SPH has become an important part of Singapore’s nation-building

by

S. R. NATHAN

March 31st, 2009

Speech by President S R Nathan at Singapore Press Holdings 25th anniversary celebrations and launch of its new logo, 30 March 2009, SPH News Centre.

SPH’s new logo. Looks familiar? Click here to see an odd coincidence.

This commemoration of the SPH Group’s 25th Anniversary marks a special moment for SPH, beyond its 25 years. As a merged group, SPH may be only 25 years old, but its flagship newspapers have a far longer history than independent Singapore itself. Not many newspapers in the world can claim a 164-year history. In fact, SPH newspapers have tracked closely our Nation’s history and generations of Singaporeans have grown up with SPH’s stable of English Language, Chinese, Malay, Tamil and other newspapers.

Through the lens of SPH, the news, stories and commentaries that its newspapers and publications bring across in the different languages have enabled our people to keep abreast of the happenings in Singapore and around the world. You have become an important part of our effort at nation-building, helping us in forging a Singaporean identity and reminding us of happenings abroad.

SPH’s multi-lingual capability is an important asset that you must continue to enhance so as to reach out not only to our multi-lingual and multi-racial population but also to readers beyond our shores. Often, your news and stories become conversation pieces amongst people of different races and different places, which help promote bonds among our people and others.

I have been fortunate to have been personally involved in the SPH, following its merger 25 years ago, on 4th August 1984. I was then the Executive Chairman of Straits Times Press – a role I continued to play until 1988. At the time of the emergence of SPH there were many concerns about the new company, not only among the staff but also the general public alike. Would the newspapers be able to compete with each other now that they were under the same management? Would they be able to keep their own independence and identity, yet at the same time, share a common bond and company culture? Those were some of the questions asked. Despite such doubts and the odds, SPH emerged a successful and stronger media organization, meeting all the challenges head-on.

The six years that I spent at Straits Times Press and also in SPH were a unique experience for me – coming as I did from the Civil Service. When I accepted the job of heading Straits Times Press, I had no prior experience with the workings of newsrooms and other aspects of the production and distribution of newspapers. The day before I started work, the then Prime Minister, Mr Lee Kuan Yew, told me: “Nathan, I’m giving you The Straits Times. It has something like 150 years of history. It is like a bowl of china. You break it, I can piece it together again, but it will never be the same. Try not to.” I am proud to say that the bowl that was handed to me and passed on to successor leaders of SPH remains unbroken – in fact it has achieved a better glow with successive years.

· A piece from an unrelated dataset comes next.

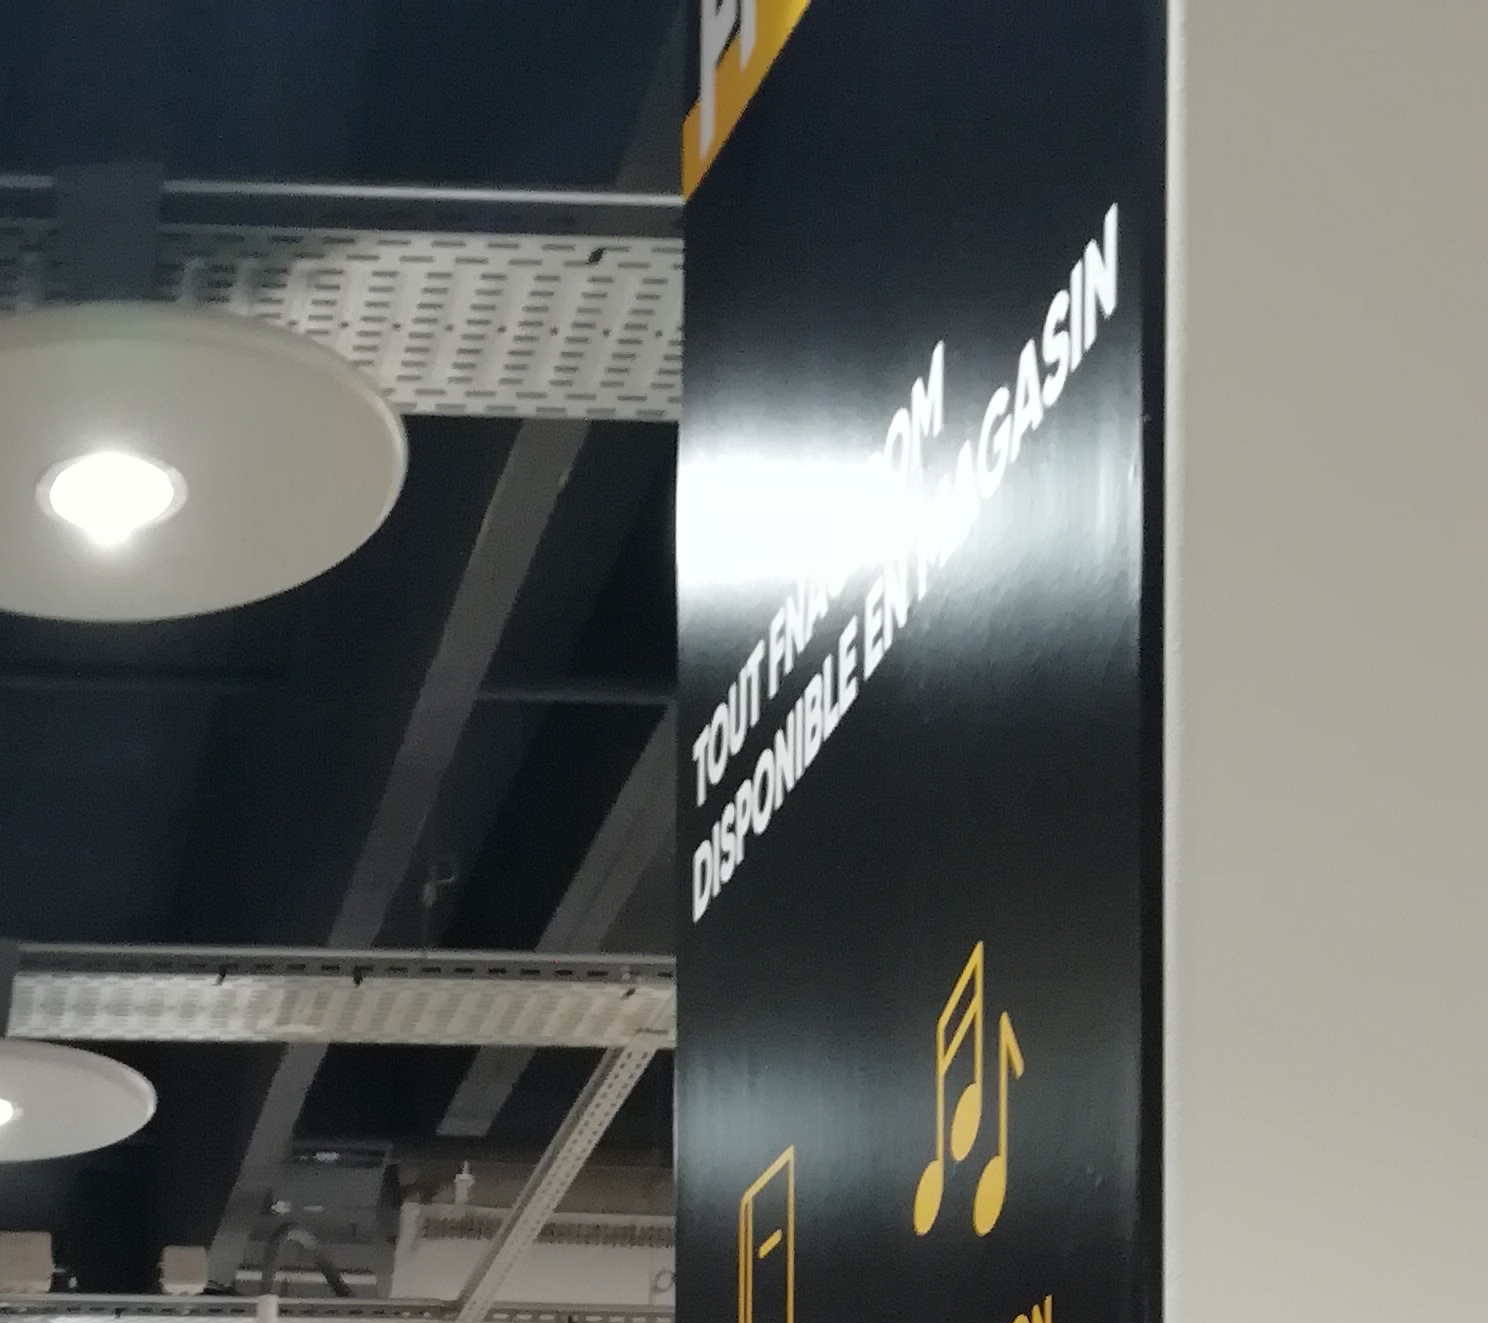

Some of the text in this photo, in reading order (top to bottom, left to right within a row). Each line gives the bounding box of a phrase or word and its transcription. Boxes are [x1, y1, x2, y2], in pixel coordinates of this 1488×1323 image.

[692, 614, 859, 923] DISPONIBLE
[864, 537, 911, 682] EN
[693, 640, 768, 807] TOUT

In 25 years, SPH has made a name for itself as a leading media group and an authority on news and information in the ASEAN and the greater China region. It offers high quality content not only through the print media, but through online and mobile platforms as well. All this could not have been achieved without the people who toil to produce its publications. They worked day and night gathering and printing the stories that filled the newspapers and daily columns. Among them, we must include the printers and distributors who made sure of the timeliness of the publications and their distribution to anxiously awaiting readers. Working together, knowing that news gets old in a fast changing world, and despite competition from technology and competing new products, all in the SPH team continue with equal determination each day to see that we can read their newspapers with our breakfast. This tribute must apply to all who are part of SPH today but also of its past. For they too toiled notwithstanding the daily pressures on their time and energy.

The production of the daily copy, especially at the editorial management level, involves the making of judgments on news and views to be carried in the columns each day. They face each day’s uncertainty not knowing whether their judgment will stand or fall in the eyes of their readers, newsmakers, board and the authorities. Yet all toil with a devotion to the service of their newspapers and a preparedness to stay and produce the daily newspaper each day, notwithstanding the gripes, grouses and brickbats they may have to face.

The SPH now faces a new climate of the publishing industry, with competition from the electronic media and its wider critical reading public; their new lifestyles, preoccupations and demands. I am confident SPH with its 25 years of track record is well equipped to succeed in this new climate.